A similar picture is true in other villages across Cheshire, which lies to the south and west of Manchester. The influx of new money has become known as “the Rooney effect”, after the England striker Wayne Rooney and his fiancée, Coleen McLoughlin, knocked down a five-bedroom Victorian house in nearby Prestbury in 2004, to build an ostentatious £4.5m mansion, nicknamed Wayn-sor Castle and, worse, Chav Towers.
The footballers Peter Crouch, Cris-tiano Ronaldo and Rio Ferdinand live in the area, as does Andrew Flintoff. The England cricketer was denied planning permission last month to build a five-storey house in place of the mansion in Mottram St Andrew, near Alderley Edge, that he bought last year for £1.85m from Mark Hughes, the Black-burn Rovers manager.
Residents insist they have nothing against the footballers and other celebrities, many of whom are star guests at village events. “Our concern is with commercial developers who care nothing for the interests of the community,” says Ian Standen, 65, secretary of the Edge Association.
Their complaints have been echoed by Alan Garner, 73, a children’s author best known for the fantasies The Weird-stone of Brisingamen and The Moon of Gomrath, who says his family can trace its local links back to 1592. The real scourge, he says, are “hideous” gated communities and the new shops fast replacing the old village stores. “Now it is just nail bars, wine bars and shops selling balloons,” he says.
In January, Garner said he was putting Toad Hall, his £1.5m home in Blackden, six miles from Alderley Edge, into a charitable trust to prevent its grounds being built on after his death. He says his children supported his decision. “Neither I nor my wife could bear the thought of the house falling into the hands of some footballer’s wife who might destroy 10,000 years of heritage to build a tennis court,” he says.
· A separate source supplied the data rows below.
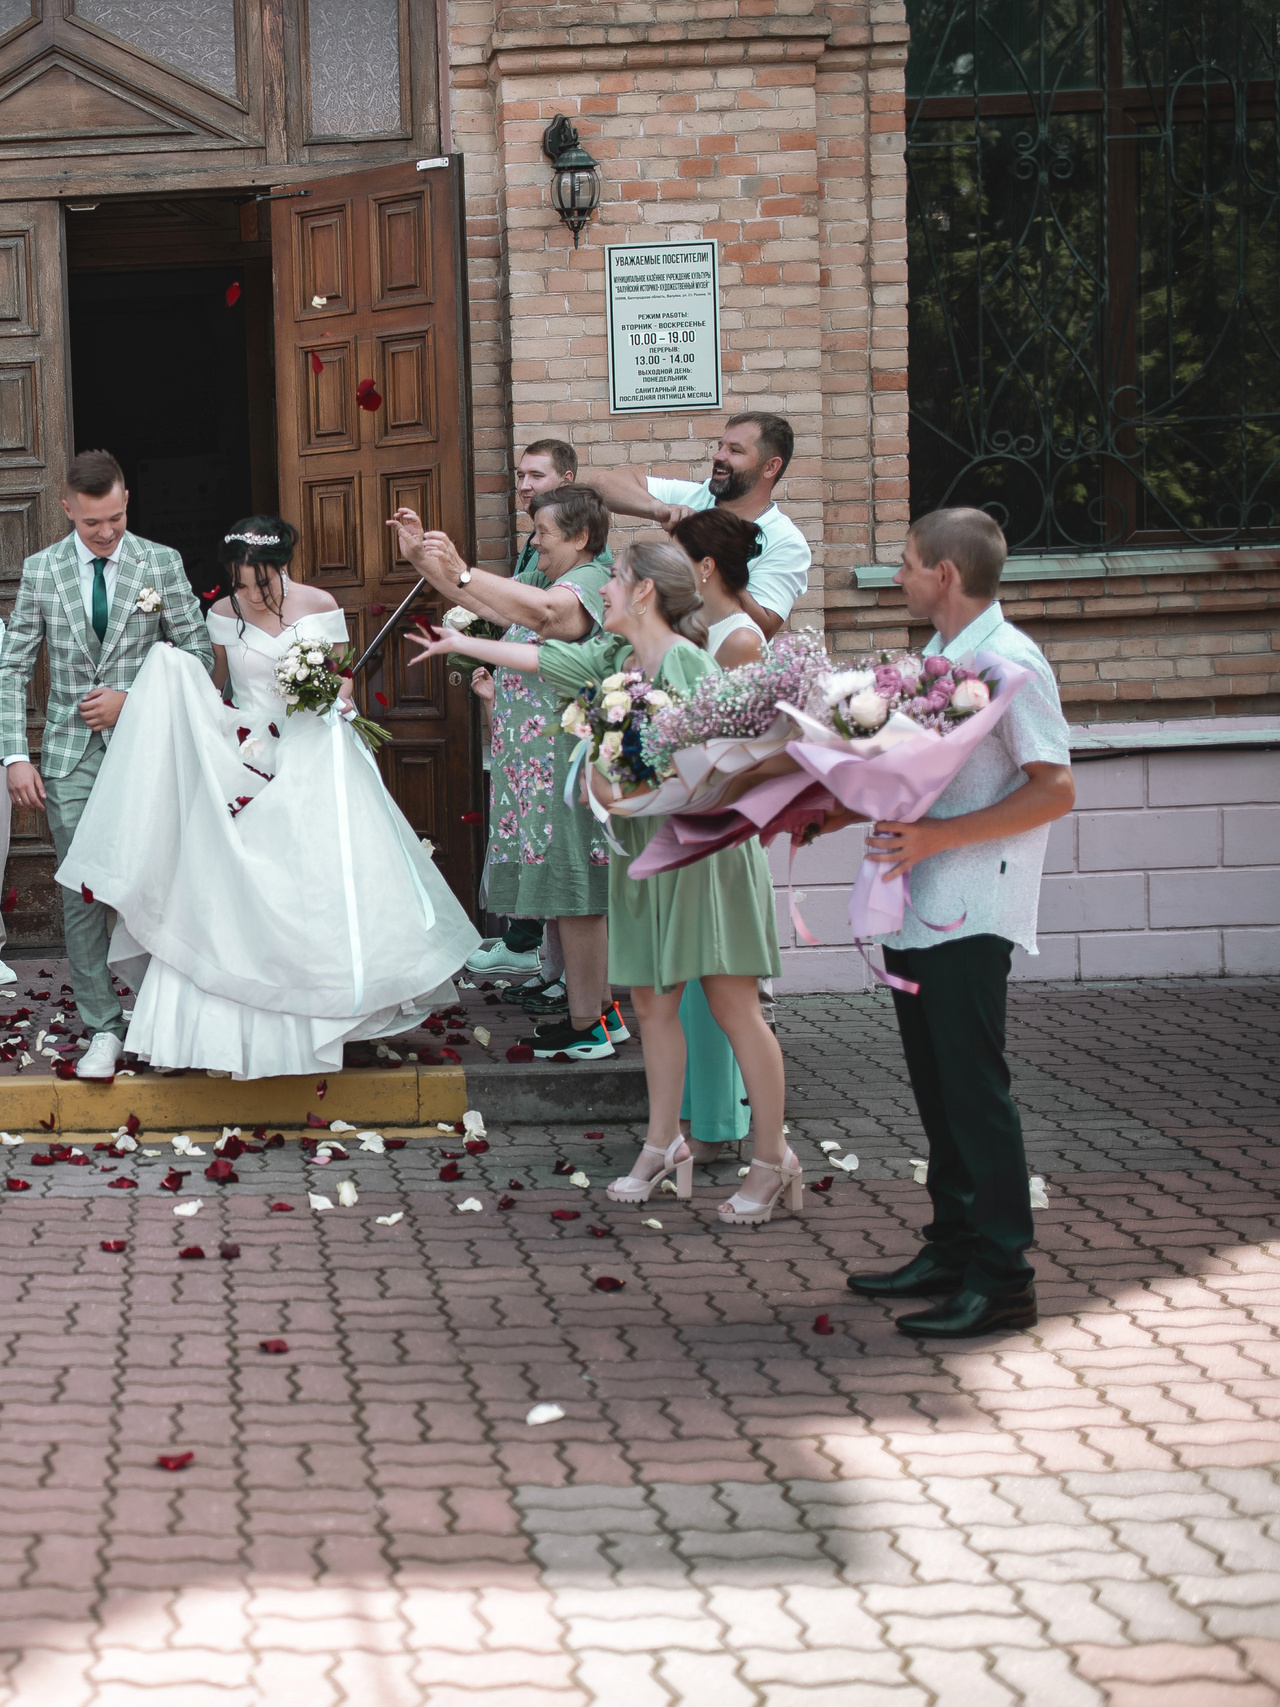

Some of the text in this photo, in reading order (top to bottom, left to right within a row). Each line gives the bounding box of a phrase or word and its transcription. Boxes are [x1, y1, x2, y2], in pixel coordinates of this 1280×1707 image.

[615, 252, 708, 266] УВАЖАЕМЫЕ ПОСЕТИТЕЛИ!
[614, 275, 646, 283] МУНИЦИПАЛЬНОЕ
[666, 272, 690, 281] УЧРЕЖДЕНИЕ
[640, 281, 694, 292] ИСТОРИКО-ХУДОЖЕСТВЕННЫЙ
[659, 321, 706, 329] ВОСКРЕСЕНЬЕ
[630, 333, 657, 345] 10.00
[668, 331, 695, 343] 19.00
[635, 356, 660, 365] 13.00
[670, 353, 695, 363] 14.00
[643, 375, 688, 383] ПОНЕДЕЛЬНИК
[635, 386, 676, 394] САНИТАРНЫЙ
Since 2004, Alderley Edge and the surrounding borough of Macclesfield have been subject to tight planning restrictions, with no new land released for private housing. Developers have found new and lucrative ways to ply their trade. “Developers don’t just go away for the length of the moratorium,” says Frank Keegan, a local councillor for Macclesfield. “They take down a property worth £700,000-£800,000 and put up a new one on the same site that will fetch more than £2m.”
For residents Sarah Shorland, a lecturer, and Elizabeth Mooney, a fitness instructor, the Beechside development is a case in point. A single dwelling was demolished despite strong local opposition; the replacement was two houses crammed onto the same plot. To make things worse, they overlook Alderley Edge’s cricket and tennis club.
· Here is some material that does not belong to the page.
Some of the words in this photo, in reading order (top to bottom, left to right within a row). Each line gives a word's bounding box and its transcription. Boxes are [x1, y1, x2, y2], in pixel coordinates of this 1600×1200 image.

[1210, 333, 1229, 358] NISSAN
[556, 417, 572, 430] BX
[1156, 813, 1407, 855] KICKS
Isn’t this merely history repeating itself, though? The villages in Cheshire were built in the 1850s and 1870s to cater for high-rolling Mancunian cotton traders; some houses feature gothic minarets, others were built in the style of Swiss cottages. Surely these new mansions with their gymnasiums and triple garages are the modern equivalent?
Commercial developers declined to take part in the debate – even though a handful were spotted sitting quietly at the back of the hall – but Andrew Nowell, who runs a local estate agency, accuses the locals of overreacting. “They’re not demolishing good houses; on the whole, they’re demolishing substandard properties built in the 1960s that don’t hold any great architectural merit,” he says, noting that most new properties are built on the exact footprint of the houses they replace. “I think a lot of what they’re finding hard is the disruption while they’re being built.”
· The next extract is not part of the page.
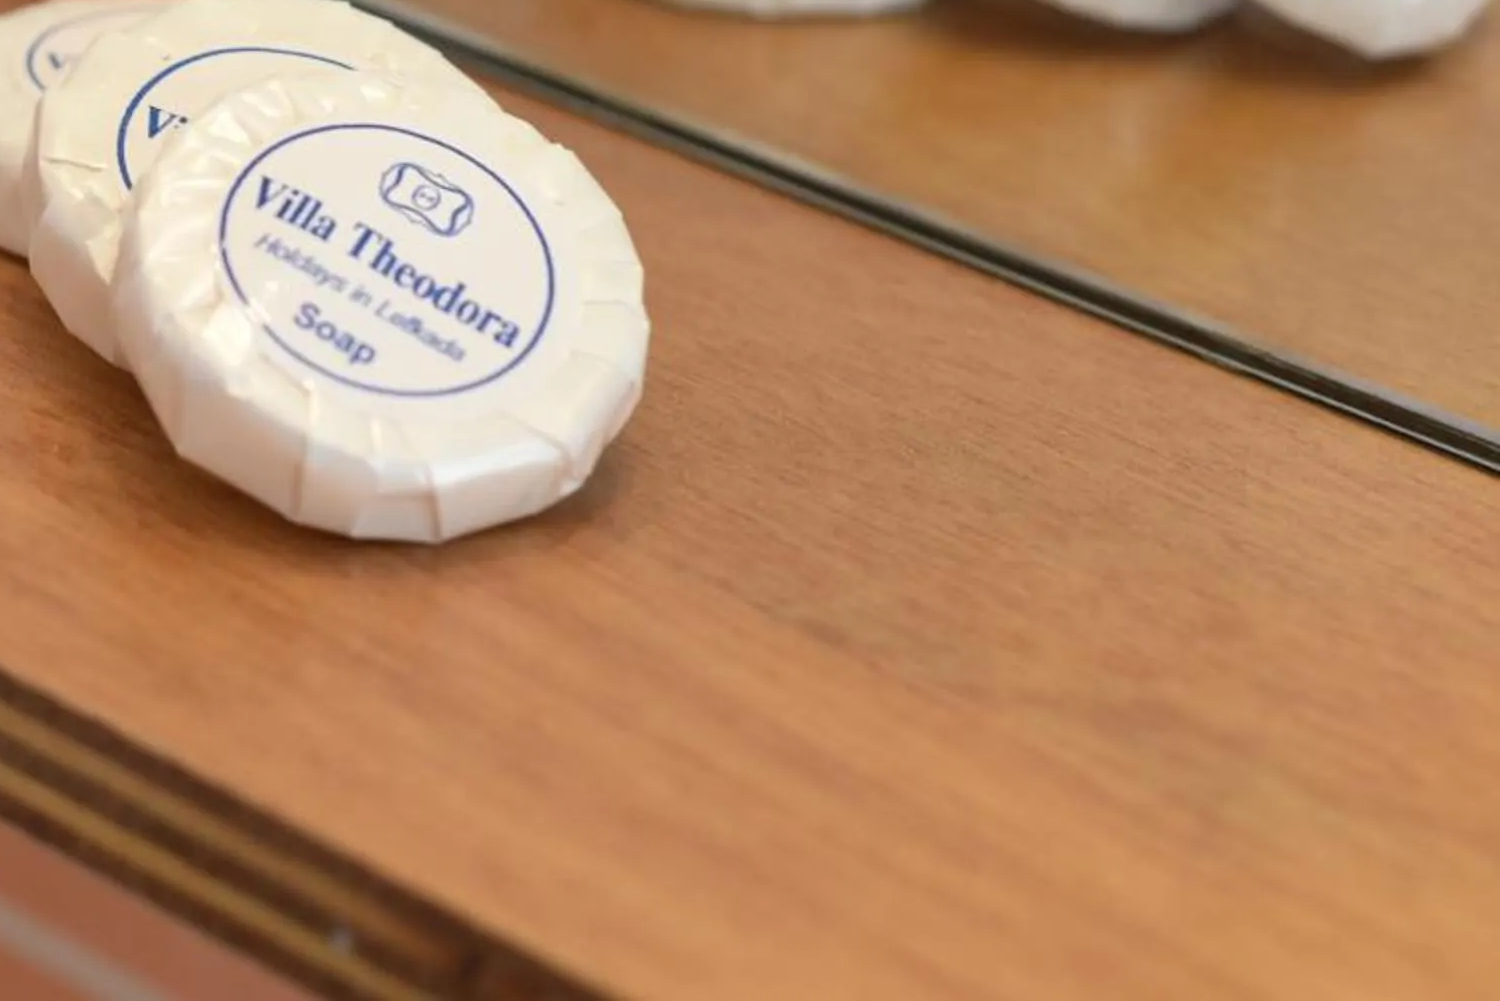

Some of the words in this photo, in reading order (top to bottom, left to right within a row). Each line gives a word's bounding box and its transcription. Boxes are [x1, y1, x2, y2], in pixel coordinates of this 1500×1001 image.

[252, 175, 337, 242] Villa
[346, 221, 521, 348] Theodora
[348, 284, 373, 308] in
[292, 302, 377, 365] Soap
Back in the sports hall, Tom Marshall, 62, a retired chartered surveyor, believes “local democracy” is at stake. “In the past 10 years, the planning process has become deliberately removed from the people it affects,” he says. When a show of hands is held, only six people vote against the motion. But will the locals win their battle? Disgruntled residents across the country will be holding their breath for the next instalment.